SEÁN FLYNN and PETER McGUIRE

Wed, Jun 23, 2010

MINISTER FOR Education Mary Coughlan is expected to seek a full report from the State Exams Commission (SEC) on a series of embarrassing blunders in this year’s Leaving and Junior Cert exams.

Her spokesman said yesterday the Minister was “less than impressed” with the latest mistake when students in 16 south Dublin schools received an incomplete higher level accounting paper on Monday. He said: “It’s just not good enough given the level of preparation which students have put into their examinations that these mistakes occur.”

St Benildus, Blackrock College, CBC Monkstown, Clonkeen College, Oatlands College, St Andrew’s, Rosemont Secondary and Rathdown School were among 16 south Dublin schools which received the accounting paper with key sections missing.

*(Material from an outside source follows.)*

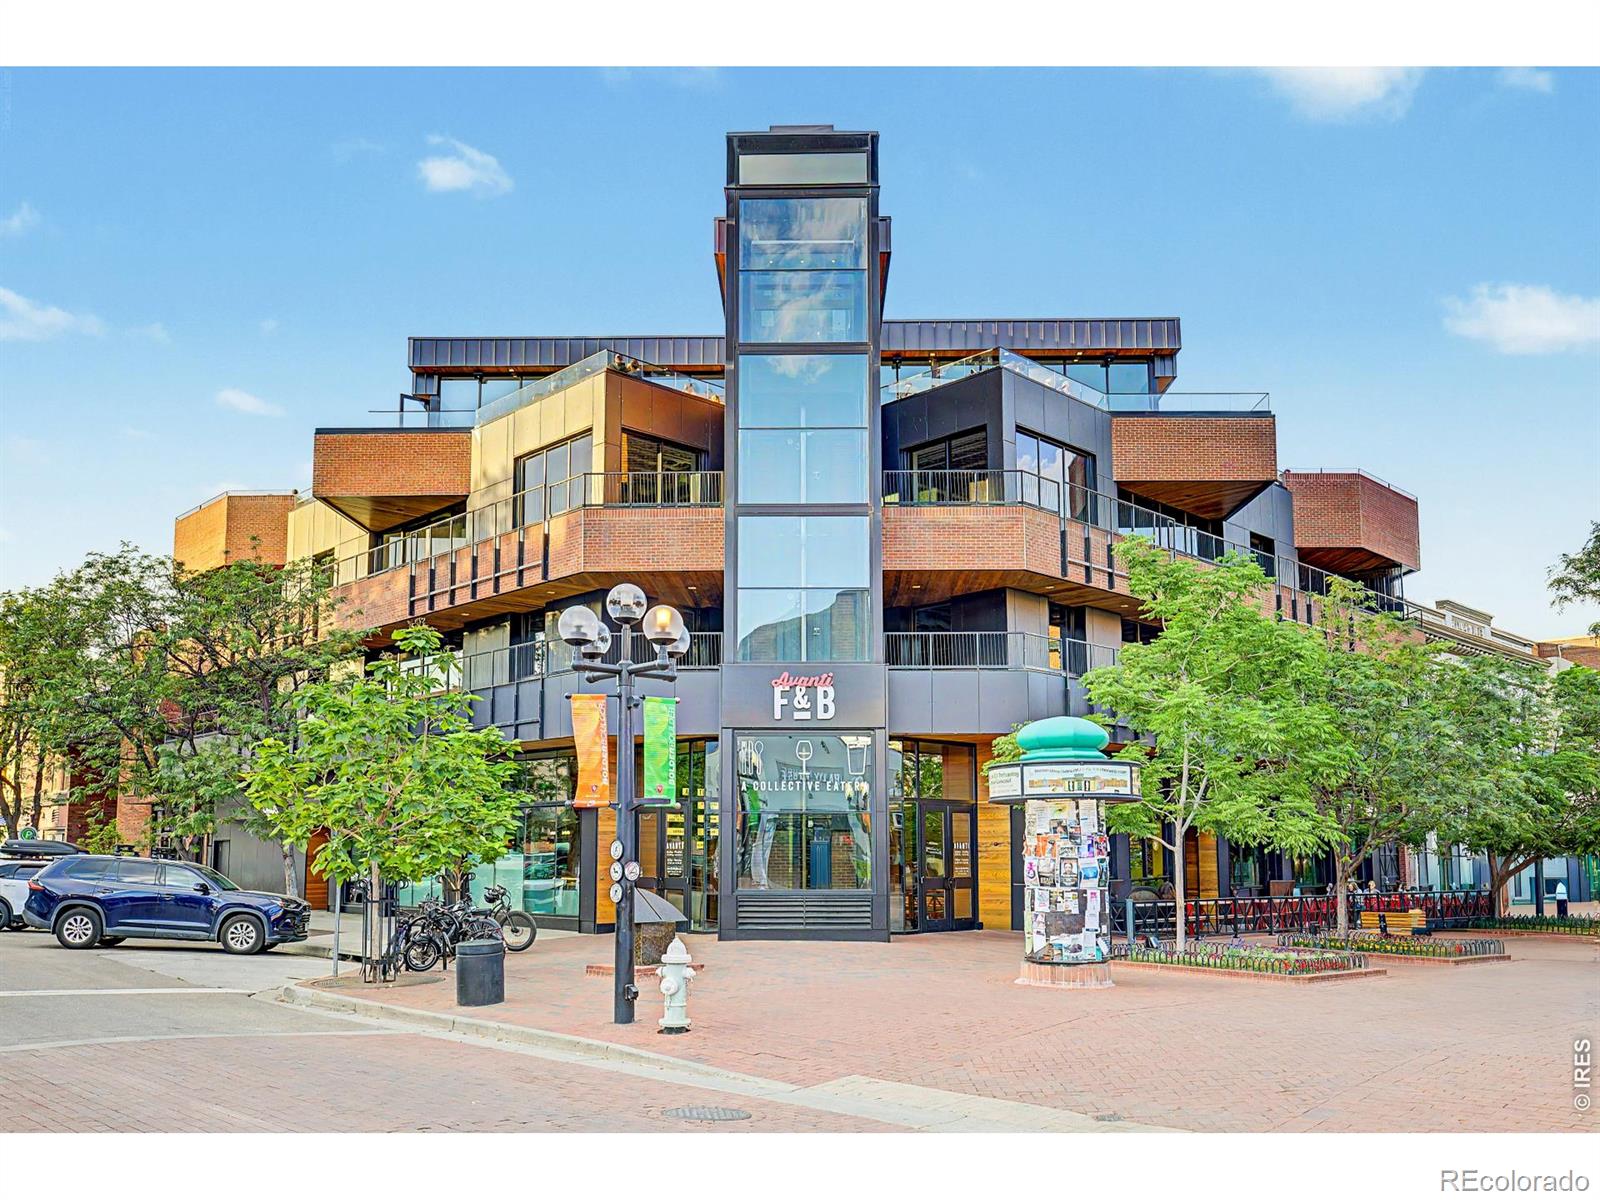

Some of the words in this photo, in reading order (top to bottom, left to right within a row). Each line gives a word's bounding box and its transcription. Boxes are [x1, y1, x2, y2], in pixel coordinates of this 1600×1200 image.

[771, 671, 834, 688] Avanti
[740, 780, 747, 791] A
[753, 780, 820, 791] COLLECTIVE

Yesterday, the SEC said it would conduct a review of this year’s exams after a flurry of complaints from parents and teachers.

The SEC’s management of the exams was severely criticised by Labour’s education spokesman Ruairí Quinn yesterday.

Olivia Mitchell of Fine Gael said many parents had contacted her to complain about the situation. In particular, they were concerned that the response in different examination centres was not uniform. She called on Ms Coughlan to assure students that the disruptive effect of the error would be taken into account in marking.

Parents, teachers, and students have expressed concern about the inconsistent guidance given by the SEC after a printing error in the accounting paper became known at 2pm on Monday afternoon.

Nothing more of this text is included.